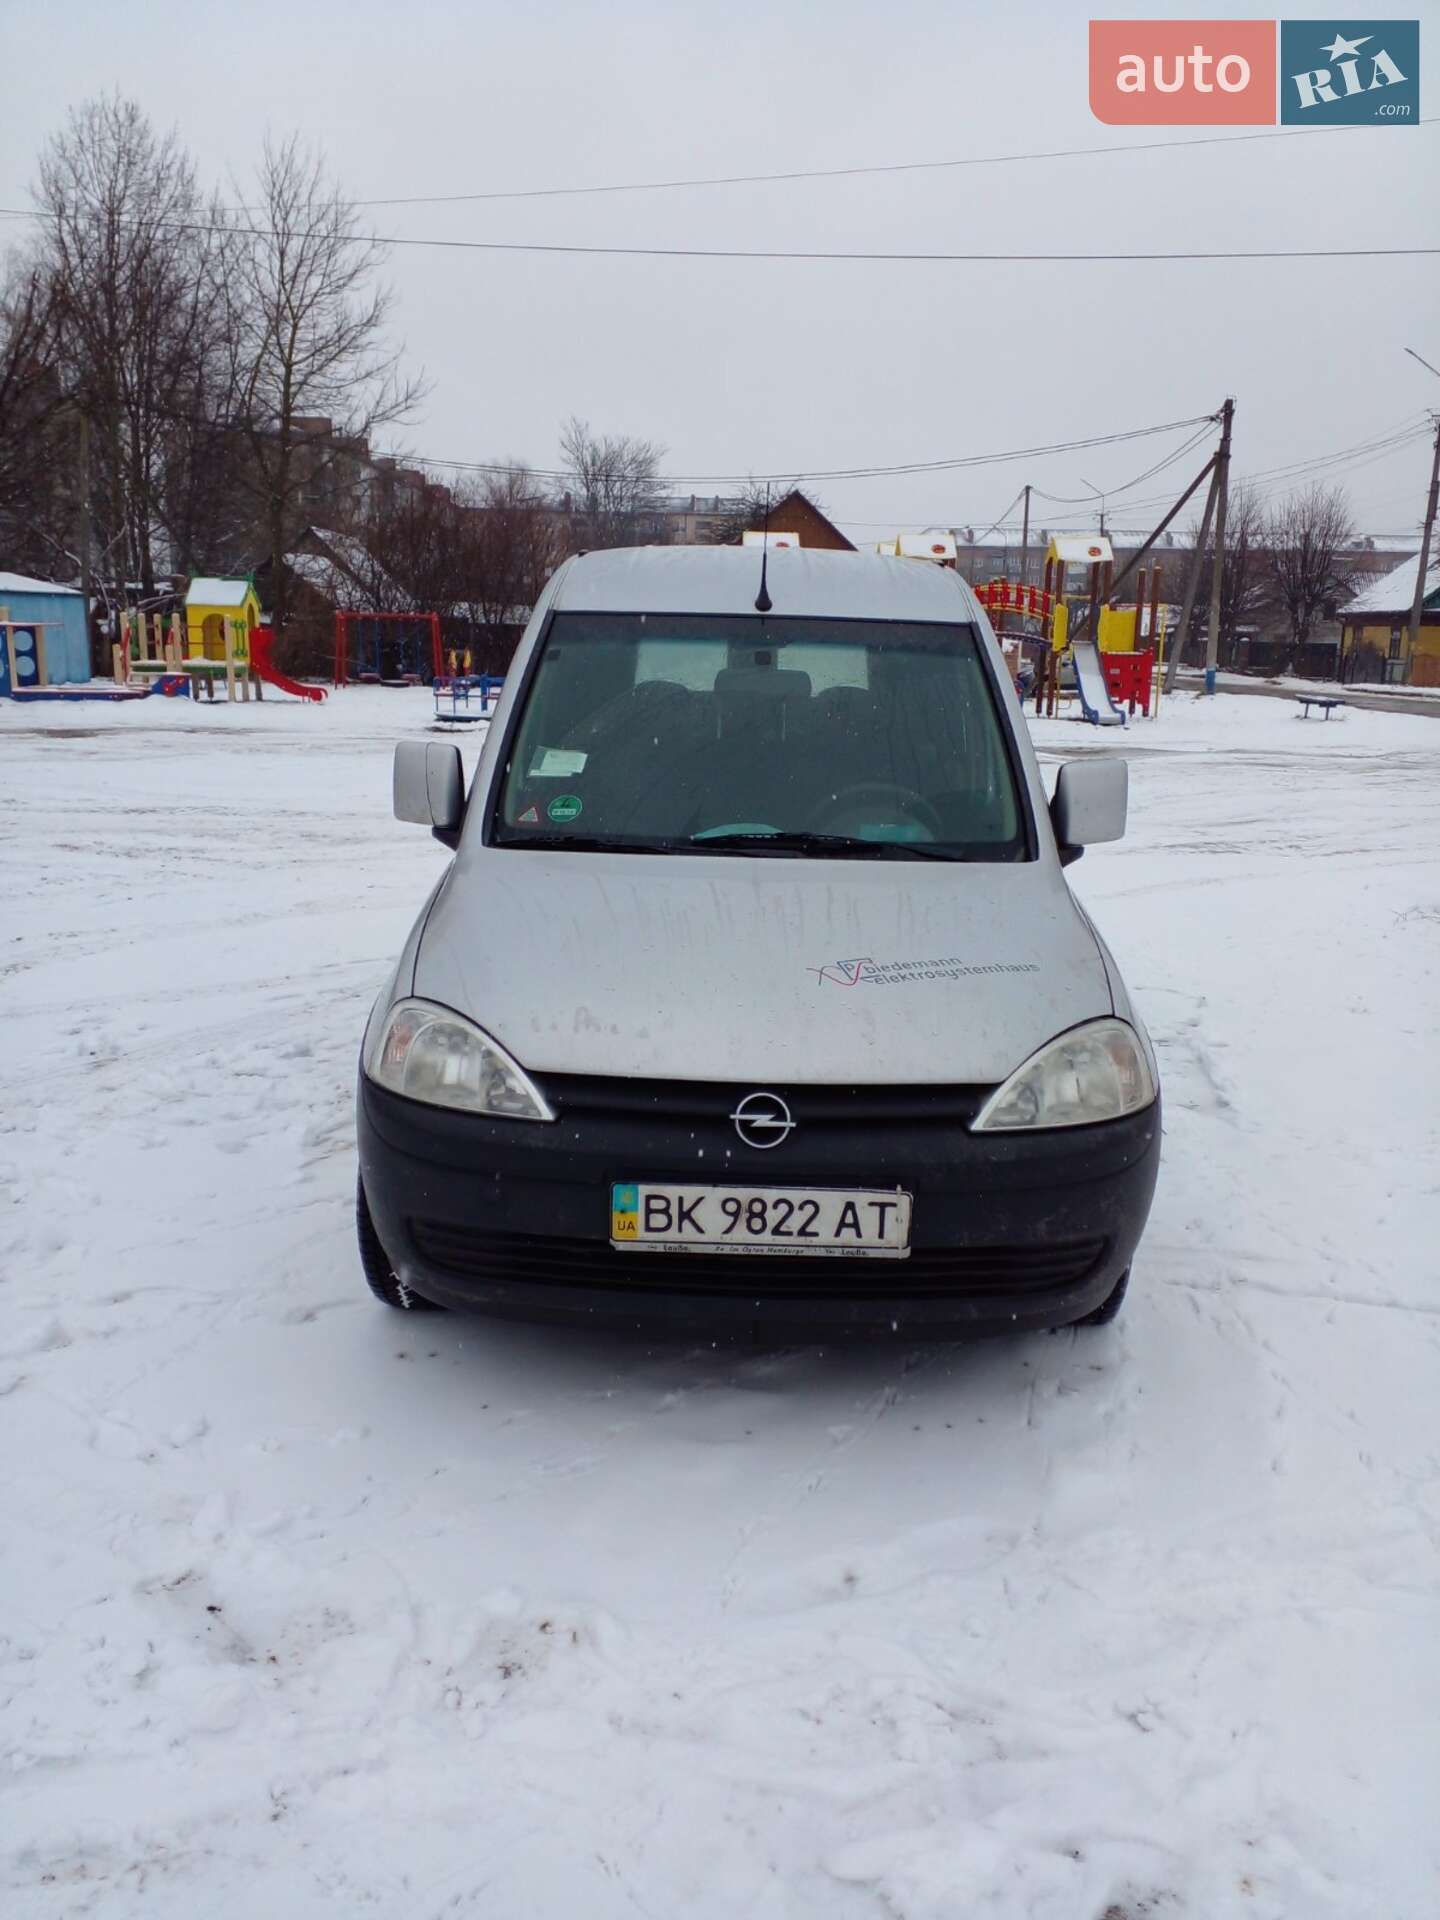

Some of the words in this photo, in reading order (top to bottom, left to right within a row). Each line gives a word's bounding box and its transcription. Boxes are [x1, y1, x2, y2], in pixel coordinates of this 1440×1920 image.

[874, 963, 1041, 985] elektrosystemhaus
[617, 1220, 636, 1231] UA
[644, 1194, 705, 1234] BK
[720, 1197, 820, 1237] 9822
[834, 1201, 898, 1240] AT
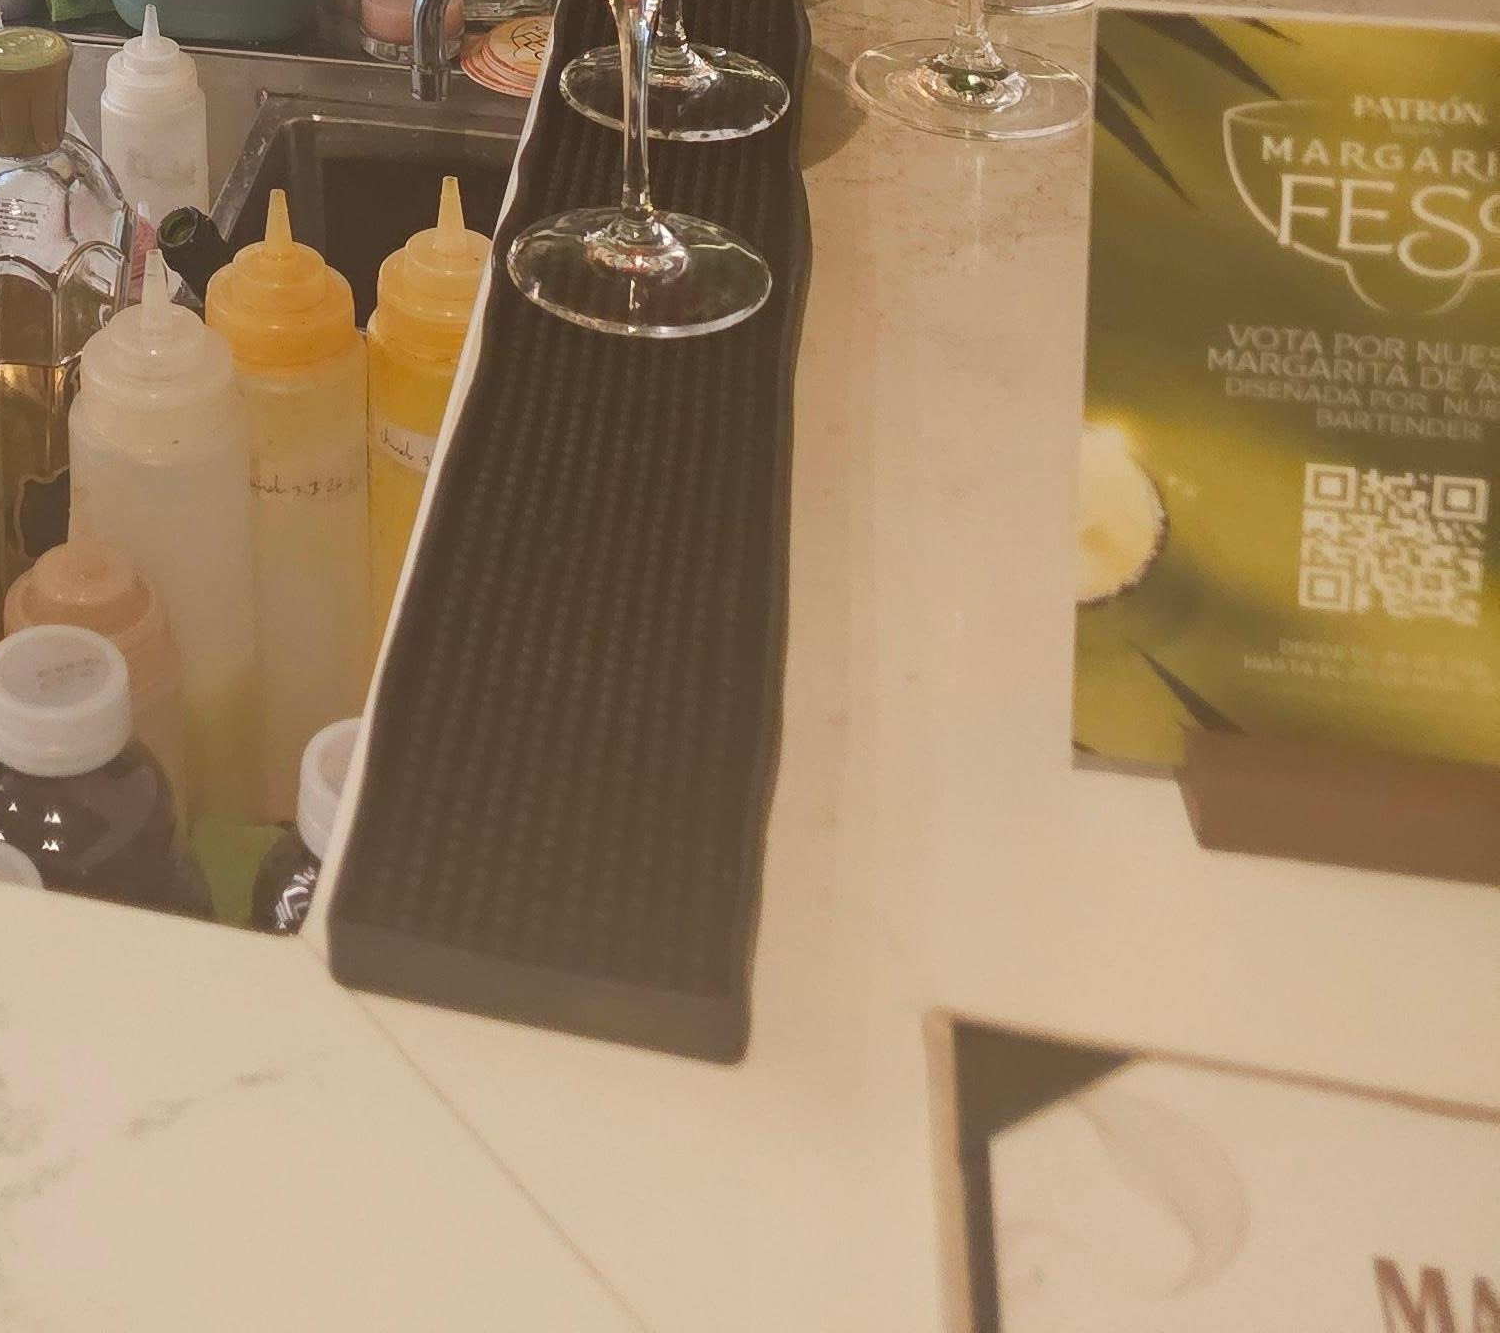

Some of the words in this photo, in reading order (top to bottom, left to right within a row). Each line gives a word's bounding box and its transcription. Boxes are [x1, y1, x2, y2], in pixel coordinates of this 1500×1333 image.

[1353, 95, 1488, 126] PATRÓN
[1227, 324, 1323, 355] VOTA
[1333, 333, 1406, 362] POR
[1207, 347, 1411, 388] MARGARITA
[1419, 365, 1463, 392] DE
[1369, 388, 1429, 413] POR
[1315, 407, 1486, 443] BARTENDER
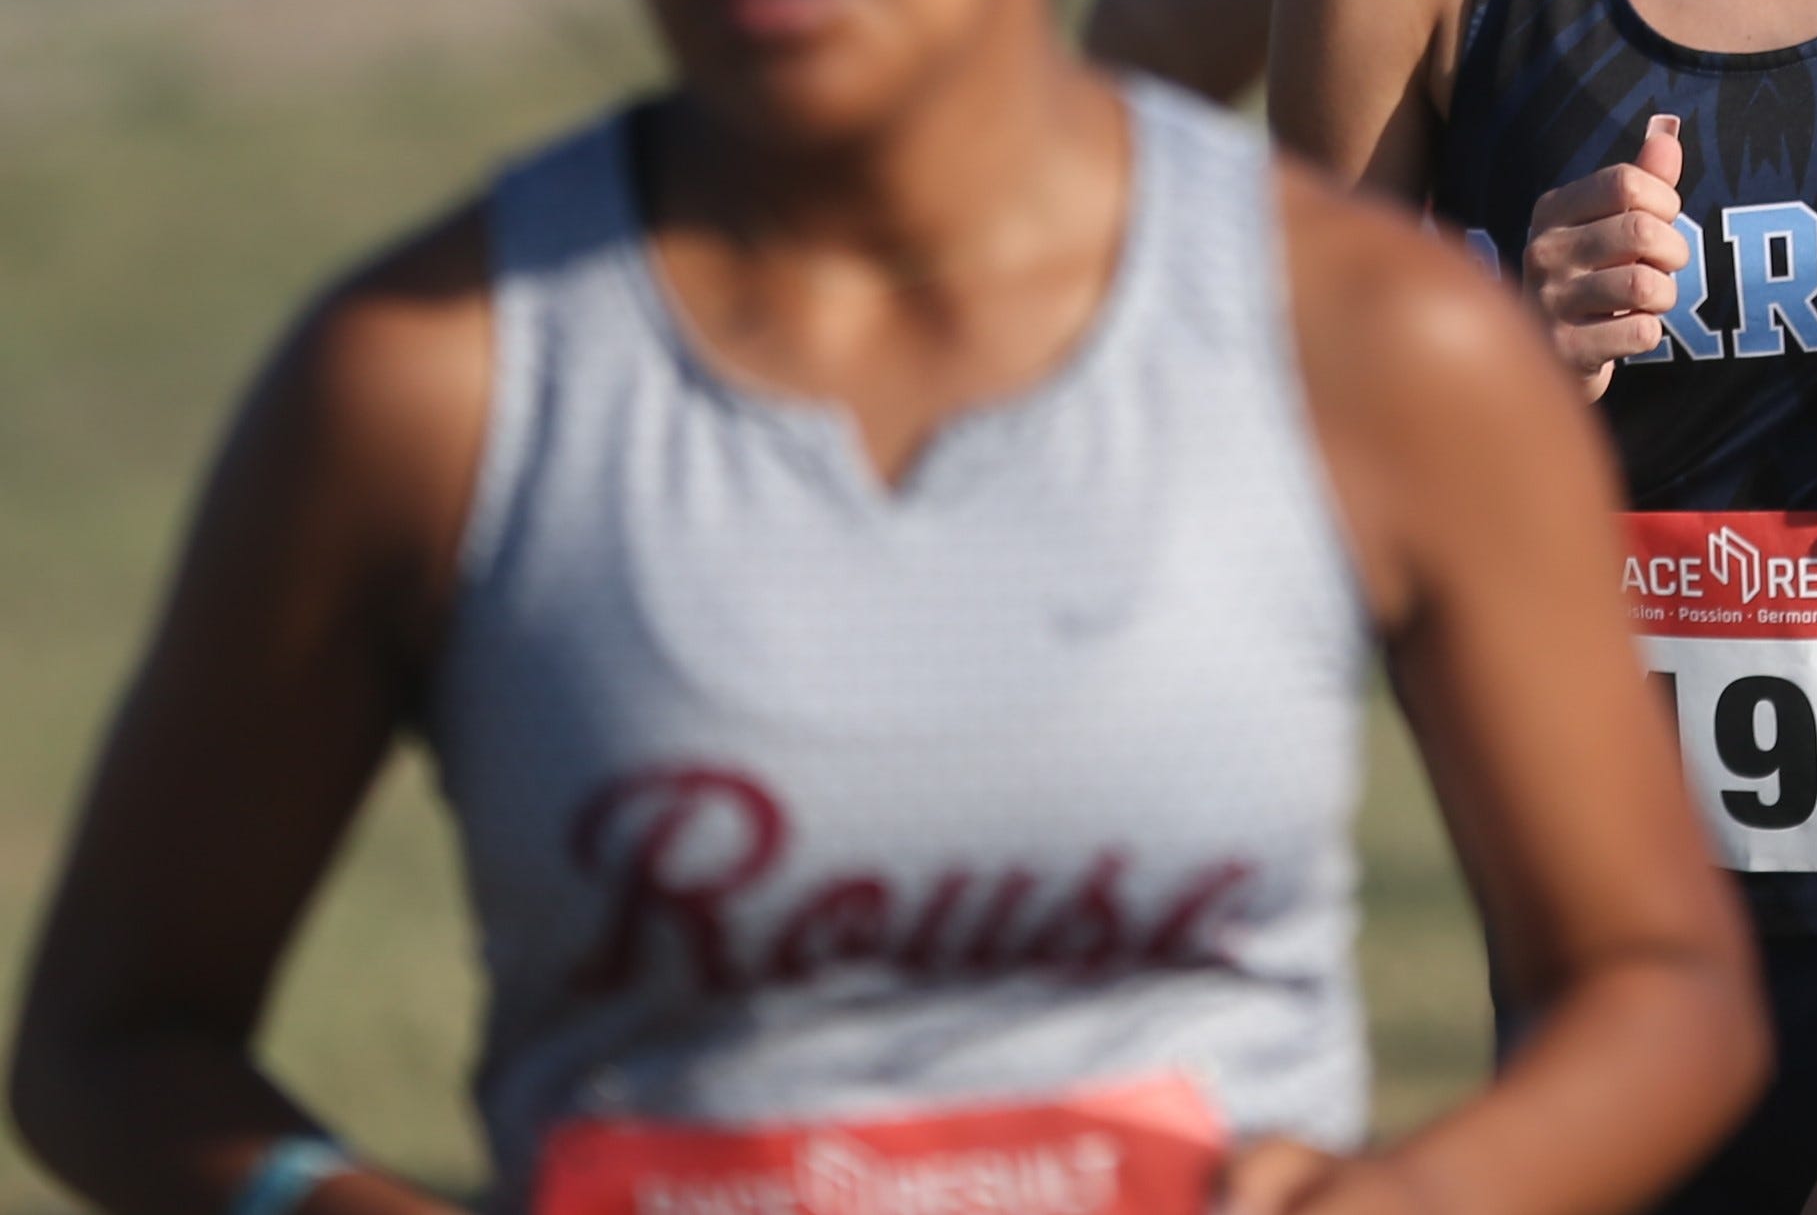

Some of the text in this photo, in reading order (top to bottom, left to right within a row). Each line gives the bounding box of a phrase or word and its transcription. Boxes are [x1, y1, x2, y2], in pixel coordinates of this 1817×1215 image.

____

Work instructions: Every line above is to be returned exactly, with its pictures removed.

Task response:
Some of the words in this photo, in reading order (top to bottom, left to right within a row). Each line gives a word's bounding box and its transcription. Boxes are [x1, y1, x2, y2], in pixel coordinates of this 1440×1920 image.

[874, 963, 1041, 985] elektrosystemhaus
[617, 1220, 636, 1231] UA
[644, 1194, 705, 1234] BK
[720, 1197, 820, 1237] 9822
[834, 1201, 898, 1240] AT

Some of the words in this photo, in reading order (top to bottom, left to right within a row). Each line gives a word's bounding box and its transcription. Boxes are [x1, y1, x2, y2], in pixel coordinates of this 1500×1333 image.

[1353, 95, 1488, 126] PATRÓN
[1227, 324, 1323, 355] VOTA
[1333, 333, 1406, 362] POR
[1207, 347, 1411, 388] MARGARITA
[1419, 365, 1463, 392] DE
[1369, 388, 1429, 413] POR
[1315, 407, 1486, 443] BARTENDER

Some of the text in this photo, in reading order (top to bottom, left to right within a row). Each line gives the bounding box of a phrase or word and its transcription. Boxes are [x1, y1, x2, y2], in pixel coordinates of this 1817×1215 image.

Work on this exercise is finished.